Nós nos movimentamos no mundo de acordo com os nossos próprios reflexos. Somos a herança de nós mesmos, os nossos pontos cegos nos inibem. O que é certo para uns, pode ser errado para outros. Pessoas que tem inteligência para a música muitas vezes não tem inteligência para o raciocínio lógico. Quem não tem o sentido musical poderá comprar o melhor instrumento musical, pagar o melhor professor de música. Depois de muito treinamento poderá tocar alguma coisa, mas a melodia não tem vida, não tem sincronia. Basta deixar de exercitar por algum tempo esquecerá tudo. Já quem tem o sentido musical a musica está em todo o seu ser, desde os fios de cabelo até a ponta dos dedos de seu pé. Quando ele está tocando seu corpo todo vibra em sintonia com a melodia, ele pode optar por um instrumento musical, mas pode tocar todos.

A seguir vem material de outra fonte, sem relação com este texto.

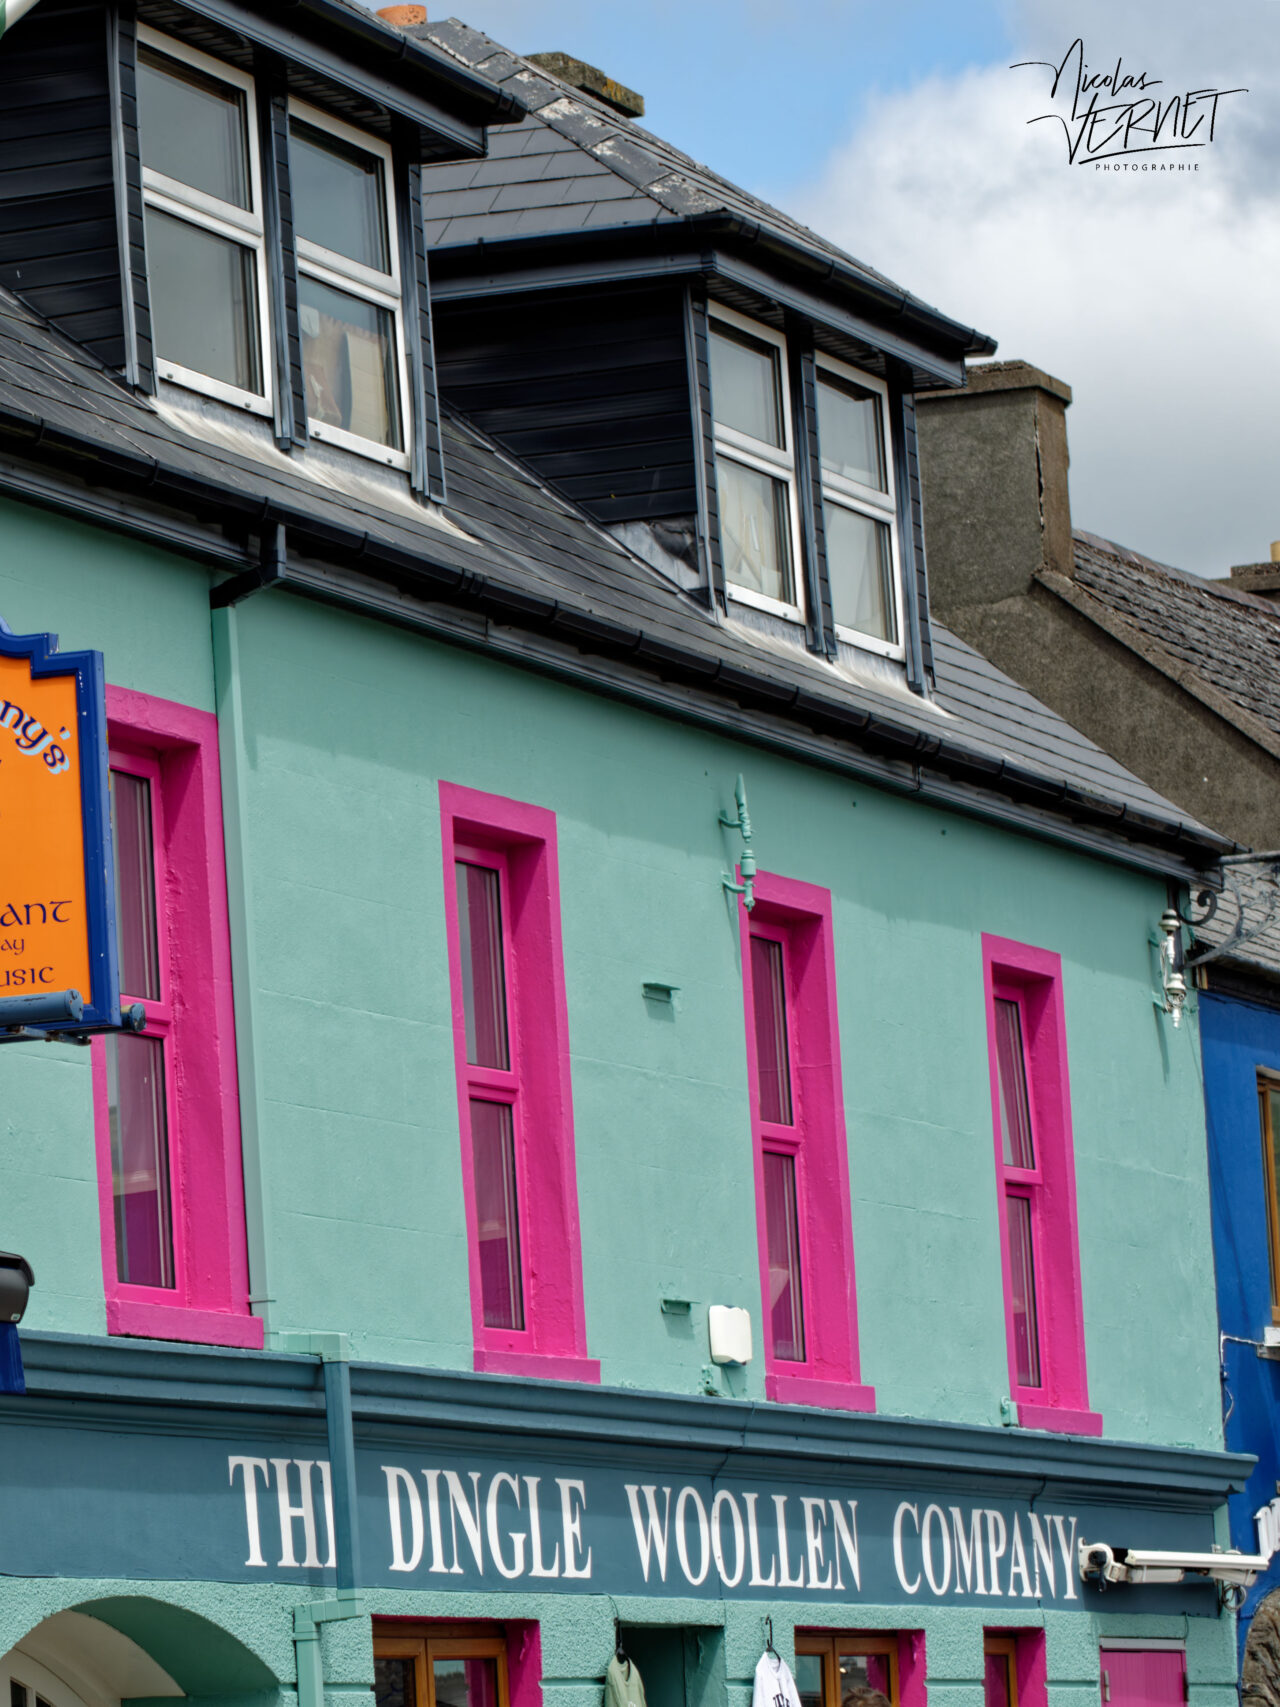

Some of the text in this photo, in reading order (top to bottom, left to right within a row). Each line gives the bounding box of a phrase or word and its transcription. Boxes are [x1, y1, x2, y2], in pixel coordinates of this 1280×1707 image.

[380, 1465, 593, 1579] DINGLE
[624, 1484, 862, 1592] WOOLLEN
[892, 1501, 1079, 1600] COMPANY

A imaginação é a arte de ver as coisas invisíveis. Só com o coração é que podemos conhecer realmente a verdade. O essencial é imperceptível aos nossos olhos. Para ser espírito puro Angelical é preciso saber tudo, todas as teorias, química, física, astronomia, todas as leis que regem o universo, saber, por exemplo, a mecânica física de uma planta, a mecânica física do pensamento. A matéria é apenas energia condensada. Dizemos cansados de viver sem saber o que a vida é. Sofremos de uma cegueira de 95% em relação a tudo. Temos apenas por volta de 5% de visão em relação a vida e das coisas que nos rodeiam, o resto é cegueira.
A principal finalidade de nossa existência é o aprendizado. O extraordinário, a mágica e o sobrenatural não existem, existe sim ignorância e falta de conhecimento. Tudo na vida é normal, somente nosso nível de consciência ainda não alcança as verdades.
Quem não acredita em nada é tão tolo quanto aquele que acredita em tudo. É mais inteligente quem admite que não sabe do que aquele que pensa que sabe tudo. Jesus dizia: “Conhecereis a verdade e a verdade vos libertará.”
Que nosso coração e nosso intimo sejam muito receptivos, pois aprendemos na medida da receptividade. Por essa razão devemos informar as criaturas de acordo com a capacidade de captação. Informação em momento errado é tão perigoso quanto a ignorância. A única escuridão que devemos temer é a que está dentro de nós mesmos. Ainda não temos a sensibilidade para captar as inspirações dos espíritos protetores, eles tem o poder de nortear nossa vida. O ar é o principal alimento para a nossa vida e, no entanto não o vemos, só o sentimos.
Em minha cidade uma jovem bela, prestativa e educada trabalhava em uma empresa multinacional, fazia o serviço de servir café sempre com muito requinte. Os funcionários que chefiavam a empresa sentiam pena da jovem, imaginavam uma posição melhor para ela na empresa. Outra jovem que trabalhava com telefonia pediu demissão, pois iria se casar e morar em outra cidade. Ninguém vacilou, transferiram de pronto a jovem do café para o posto da telefonista e contrataram outra para preencher seu lugar. Mas, tão logo tiveram triste surpresa, apesar de seu esforço e boa vontade ela não atendia os requisitos para aquele posto. Como em uma empresa um funcionário não pode ser rebaixado, não teve alternativa a não ser demiti-la. Não foi ela quem errou, se considerava feliz servindo café. Com nossa pobreza de visão das coisas precisamos ter cautela e refletir muito quando pensamos em ajudar alguém.
Entende-se como sentidos os cinco principais, mas, nos dias de hoje, estuda-se mais de 30. O sentido termostático, o qual sentimos o calor e o frio, ou quando estamos perto do fogo, mesmo de olhos fechados, sentimos a aproximação. O sentido de natureza intuitiva e percepção extra física.